Organizations, corporations and associations of
international terrorism used to be subject to
wiretaps for no longer than 90 days before
reauthorization by the FISA Court was required.
They could also be treated as "U.S. Persons"
under the law. Under USAPA II these groups are
treated as "foreign powers," the same as foreign
governments, so wiretaps are allowed up to a
year without court review. 50 USC
§1801(i)(1)-(3) instead of (4)-(6). Note
that this change only applies if the group is
not substantially composed of US persons or if
there is probable cause to believe that no
communication or property of a U.S. person will
be acquired.
-
FISA Court oversight reduced other ways too (secs. 103-104).
FISA allows the Attorney General to act without any court
oversight in rare circumstances. 50 USC § 1802. USAPA II
broadens those situations:
-
the Attorney General may act without any court oversight
for fifteen days after Congress authorizes any military
force or after the US has suffered an "attack creating a
national emergency," in the purview of the Attorney
General. Previously this sort of surveillance free for
all was only allowed after a Congressional declaration
of war.
-
With only presidential authorization, the Attorney
General may now wiretap foreign governments for all
communications within the broad category of "technical
intelligence." Previously the Attorney General could not
wiretap for spoken communications.
-
No Accountability for Breaking the Rules (sec. 106). FISA has
long provided a defense of "good faith reliance" on a FISA order
even if the officer engages in unauthorized surveillance or
searches or discloses information improperly. This defense is
extended to situations where there is no FISA court order, but
surveillance is allowed, such immediately after the United
States has been attacked by terrorists or after war has been
declared (see secs 103-104 above).
-
Law Enforcement Powers Not Limited to Terrorism. As with USAPA
before it, USAPA II does not limit the scope of the powers to those
necessary or even related to terrorism. This includes:
-
Information sharing (sec. 311). Consumer credit information,
visa-related information, educational records may be freely
shared. No relationship to terrorism is required.
-
FISA Information may be shared to officials conducting any kind
of criminal proceedings, not just terrorism (sec. 105).
-
National Security investigation subpoena information can be
shared without limitation as to its use (sec. 129)
-
Law enforcement can be given FISA pen register information about
US citizens for any purpose. (sec. 107).
-
Grand jury subpoena gag orders are not limited to situations
involving terrorism (sec. 206).
-
Cryptography Sentence Enhancements apply without limitation to
terrorism (sec. 404).
-
The Environmental Protection Agency is prohibited from informing
us of dangers of chemical releases (sec. 202). While the
justification of this is to prevent terrorism, it is not limited
to situations where terrorism is suspected.
-
Information from multi-function devices is not limited to
terrorism-related surveillance. (sec. 124).
-
Reduced judicial oversight of classified information requests is
not limited to terrorism (sec. 204).
-
Autopsy Orders are not limited to terrorism investigations (sec.
127)
-
Surveillance done at the request of foreign governments is not
limited to either US or foreign terrorism investigations (sec.
313)
-
Grab Bag: Widens Scope of Laws/More Penalties/More Power for the Attorney General.
-
Broaden scope of "Material support to terrorism." (sec. 402)
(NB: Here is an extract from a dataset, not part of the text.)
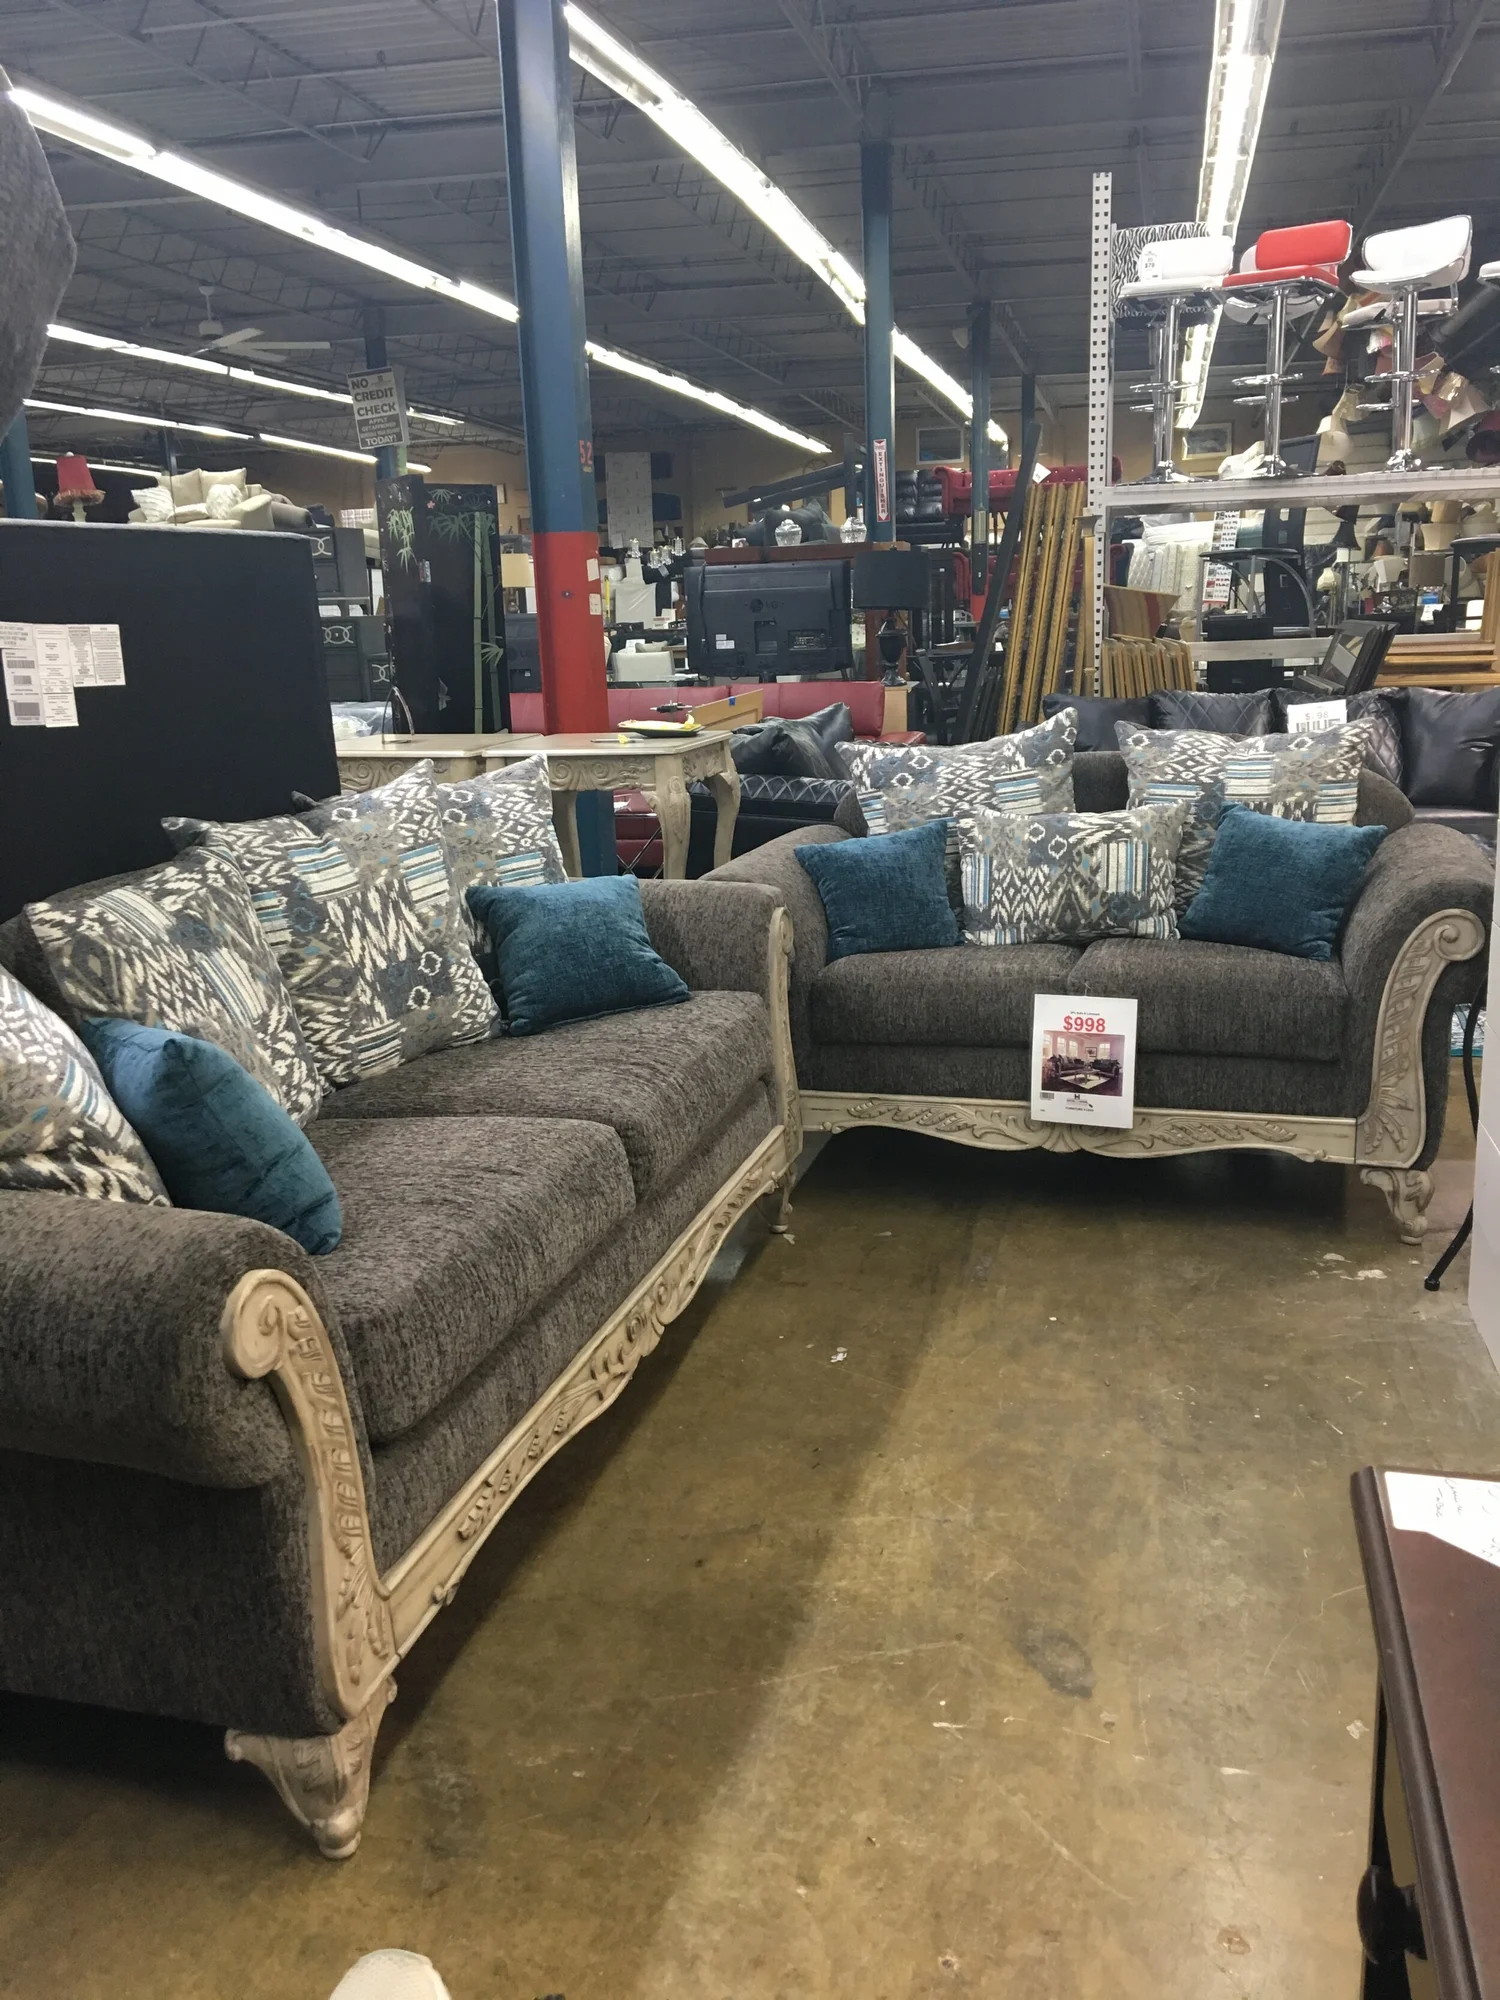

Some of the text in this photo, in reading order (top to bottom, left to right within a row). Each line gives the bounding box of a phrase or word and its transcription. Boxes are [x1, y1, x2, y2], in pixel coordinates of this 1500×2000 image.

This provision eliminates the requirement of criminal intent for
those charged with "material support of terrorism" under 18 USC
§2339A. It now allows conviction if the acts "by their
nature" appear to intended for the terrorism purposes. USAPA II
would broaden the definitions of "training" and "personnel,"
further expanding the reach of the statute. The provision also
attempts to create a constitutional justification for making
mere "support" of terrorists a federal criminal offense. In
general, such a broad, unfocused term as "support" would not be
sufficient to criminalize activities under federal law. The
statute tries to create this justification by tying the need to
criminalize "support" to interstate and foreign commerce and the
federal government's need to control activities of Americans
outside the United States.
-
Additional Crimes on Death Penalty List (sec 411) Approximately
fifteen additional crimes could trigger the death penalty under
the category of "terrorist murders"
-
410. Expanded list of crimes with no statute of limitations.
USAPA II eliminates the requirement that only crimes with a
foreseeable risk of death or serious injury have no time limit
for prosecution. Now all crimes included in the list at 18 USC.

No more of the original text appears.